The ruling PRD-Partido Popular coalition has been split along gender lines, with a number of the men in those parties also siding with the women. Even the first lady has been calling for García's head. The opposition would love any opportunity to embarrass the parties in power, and a government in trouble on a front it considers much more important would like to cut its losses. So there may very well by enough votes in the National Assembly to oust García, in which case the matter would go to the courts.

A lot more people are sending things to The Panama News lately, so we have an unusually large community section this time. We have the ambassador and the mayor, the VFW and Democrats Abroad, the yachties and the high school kids. And then there's the obituary for Paddy Roy, sent to me by his fellow retired firefighters. Paddy was one of the Panamanians who integrated the Canal Zone Fire Department in 1956 and not just another face in the crowd but a man who rose to the rank of captain based on his talent and work. The Panama News serves this country's English-speaking community, both here and abroad, and the likes of Paddy Roy are also "who we are."

Thanks to another contributor, Ivan Klasovsky, who is formerly of Gatun but now resides in Germany, our travel section takes us to France. We also see a most unusual architectural feature of the Catholic parish church in San Carlos, and revisit the Casco Viejo.

(One recent morning in the latter neighborhood, by the way, I stopped in at the Brooklyn Cafe for a cup of coffee and discovered something else about that establishment. It's one of the growing number of places in the capital where someone with a properly equipped laptop can get a WiFi connection to the Internet.)
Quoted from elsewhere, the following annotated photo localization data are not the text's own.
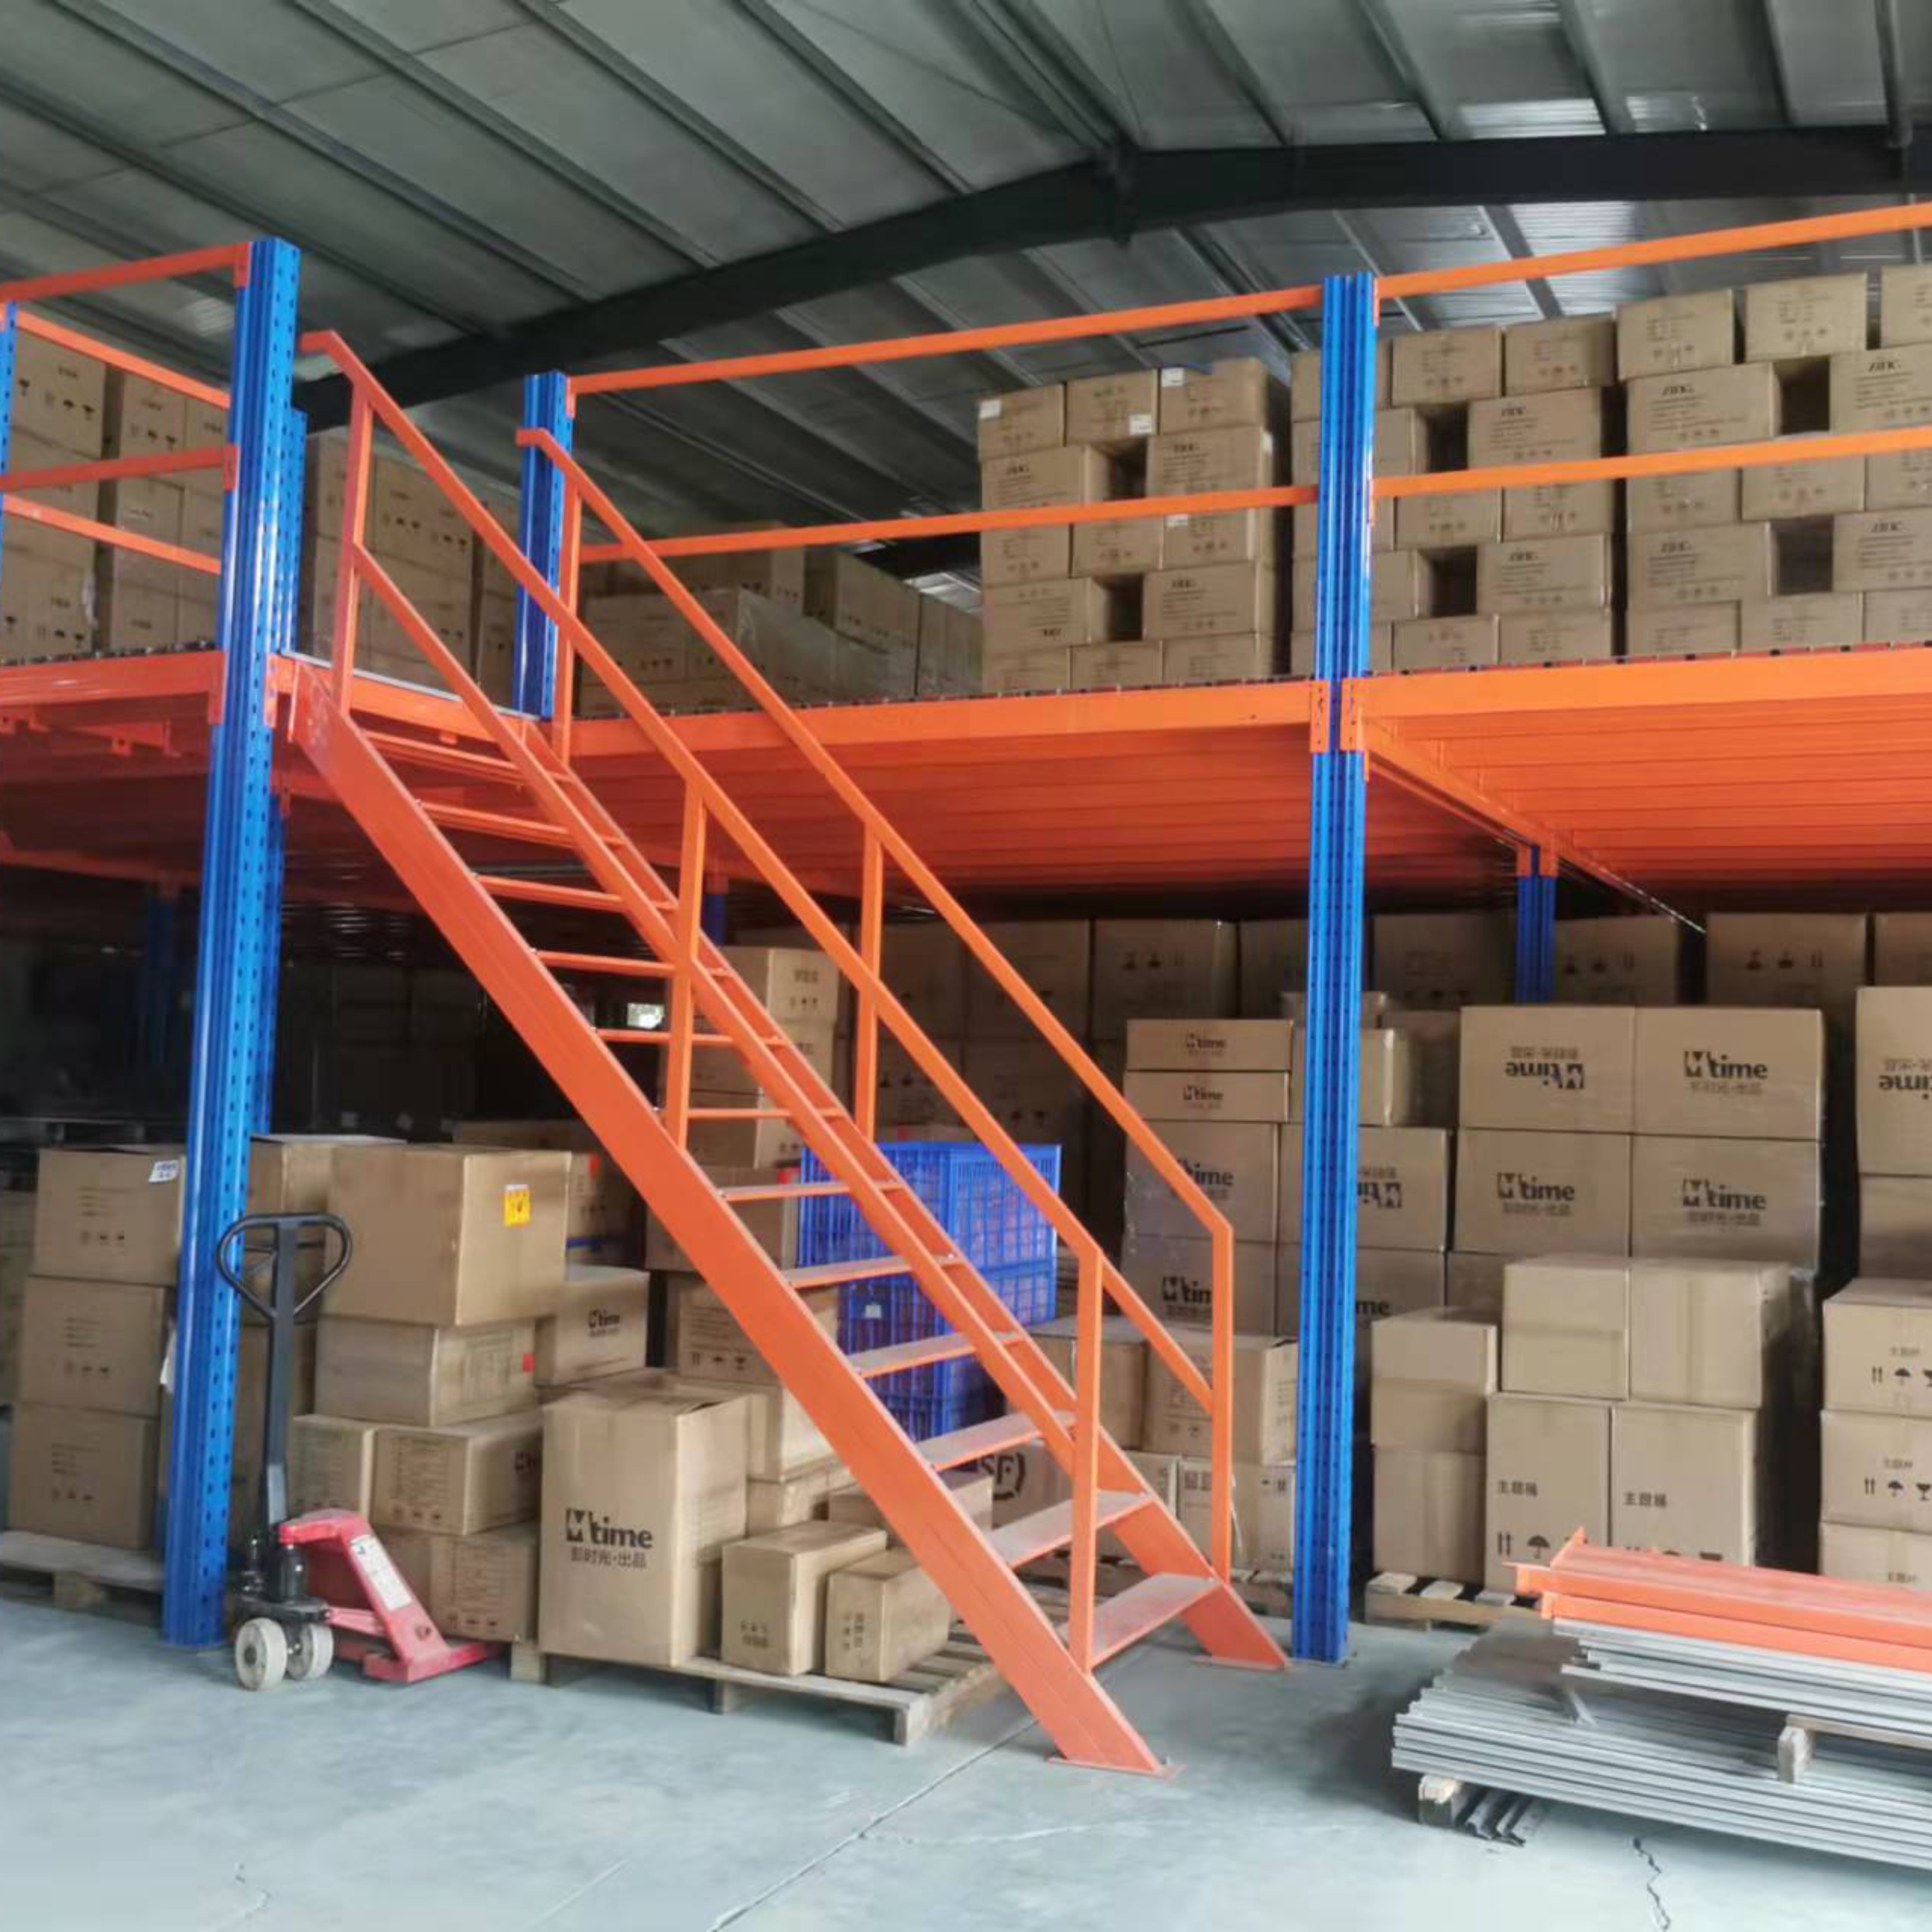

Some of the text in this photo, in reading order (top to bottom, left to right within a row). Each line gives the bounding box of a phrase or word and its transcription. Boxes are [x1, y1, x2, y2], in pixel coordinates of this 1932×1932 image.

[1506, 1062, 1585, 1089] Mtime
[1683, 1049, 1769, 1080] Mtime
[1878, 1074, 1932, 1100] ime
[1497, 1172, 1575, 1201] Mtime
[1682, 1178, 1766, 1210] Mtime
[1163, 1275, 1212, 1305] Mtim
[566, 1508, 653, 1549] Mtime
I caught a really cool school play at the Ancon Theater the other night. All of the kids performed well and a few of them brilliantly, but none of it would have happened without the work of the show's true stars, the adults who taught them how to do it. Musical director Luis Zuñiga and director Charles Todd Apple did not appear onstage during the play, but they put in the best performances of all as far as I am concerned.
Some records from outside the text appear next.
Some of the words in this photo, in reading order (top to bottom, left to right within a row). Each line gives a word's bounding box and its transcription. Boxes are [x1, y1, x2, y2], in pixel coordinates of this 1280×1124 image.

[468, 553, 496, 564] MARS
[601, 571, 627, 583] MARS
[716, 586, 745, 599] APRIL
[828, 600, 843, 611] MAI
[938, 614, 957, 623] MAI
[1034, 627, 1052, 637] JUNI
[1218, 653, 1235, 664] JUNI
(Will someone sue me over the review? For some reason there's always somebody who takes offense when I write about the theater. Maybe it's because, as my drama major ex-wife used to say, my sense of taste is located entirely in my mouth. But anyway, all of you would-be litigants out there may have to get in line. Someone who claims to be in the estate business in the Interior called me the other day to threaten me with a $10 million lawsuit if I don't erase certain things from this website. I am not impressed, but I do wonder why the Torrijos administration lets someone with a US money laundering conviction like this guy has --- if I was not dealing with an impostor --- live here. Maybe it's for the same reason why the Moscoso regime issued a Panamanian cedula to Colombian cocaine kingpin Pablo Joaquín Montaño Rayo, who was the main target of a recent international series of drug busts.)
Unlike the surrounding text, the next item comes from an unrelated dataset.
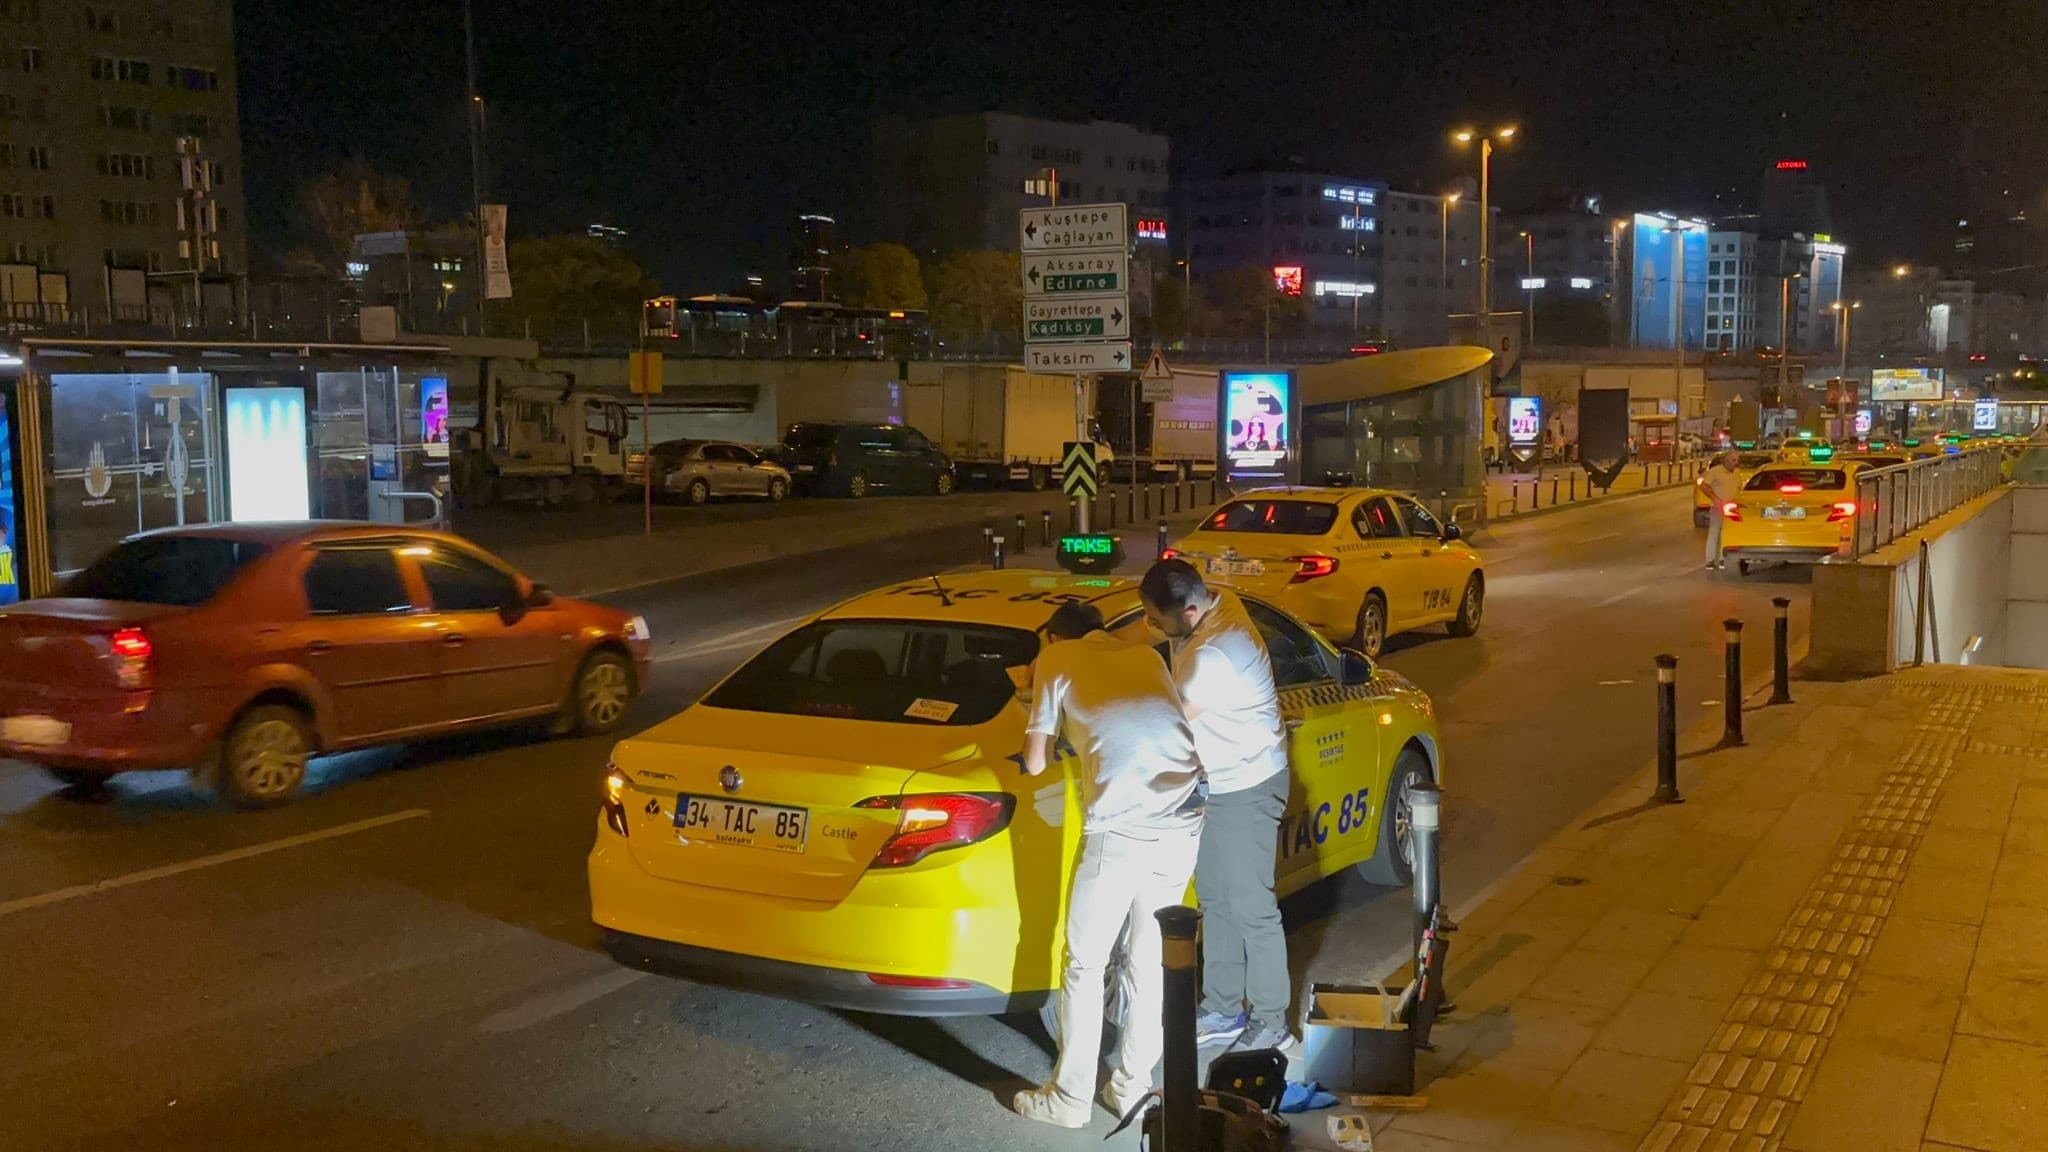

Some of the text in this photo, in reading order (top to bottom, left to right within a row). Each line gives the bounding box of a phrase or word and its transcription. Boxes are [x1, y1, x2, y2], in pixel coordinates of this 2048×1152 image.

Finally, rainy season is manifesting itself. It's not a matter of rain coming through the roof into my office anymore, but of insects emerging from the ground and vegetation outside and swarming to the light of my computer screen. The hard little black ones that bite have come and gone, and the harmless but annoyingly crunchy June bugs have yet to make their appearance. For this issue it has been flying termites. My office spiders --- protected animals according to Jackson family tradition --- have been feasting. And in pots at the office in Panama City and at my mom's house in San Carlos, the rains are making my garden grow.

I'll take the bugs along with the flowers, and just from walking the streets of the city and answering my email, I can tell that an ever increasing number of visitors and foreigners thinking about coming down here to live are accepting that equation too. Panama's a great place during the rainy season.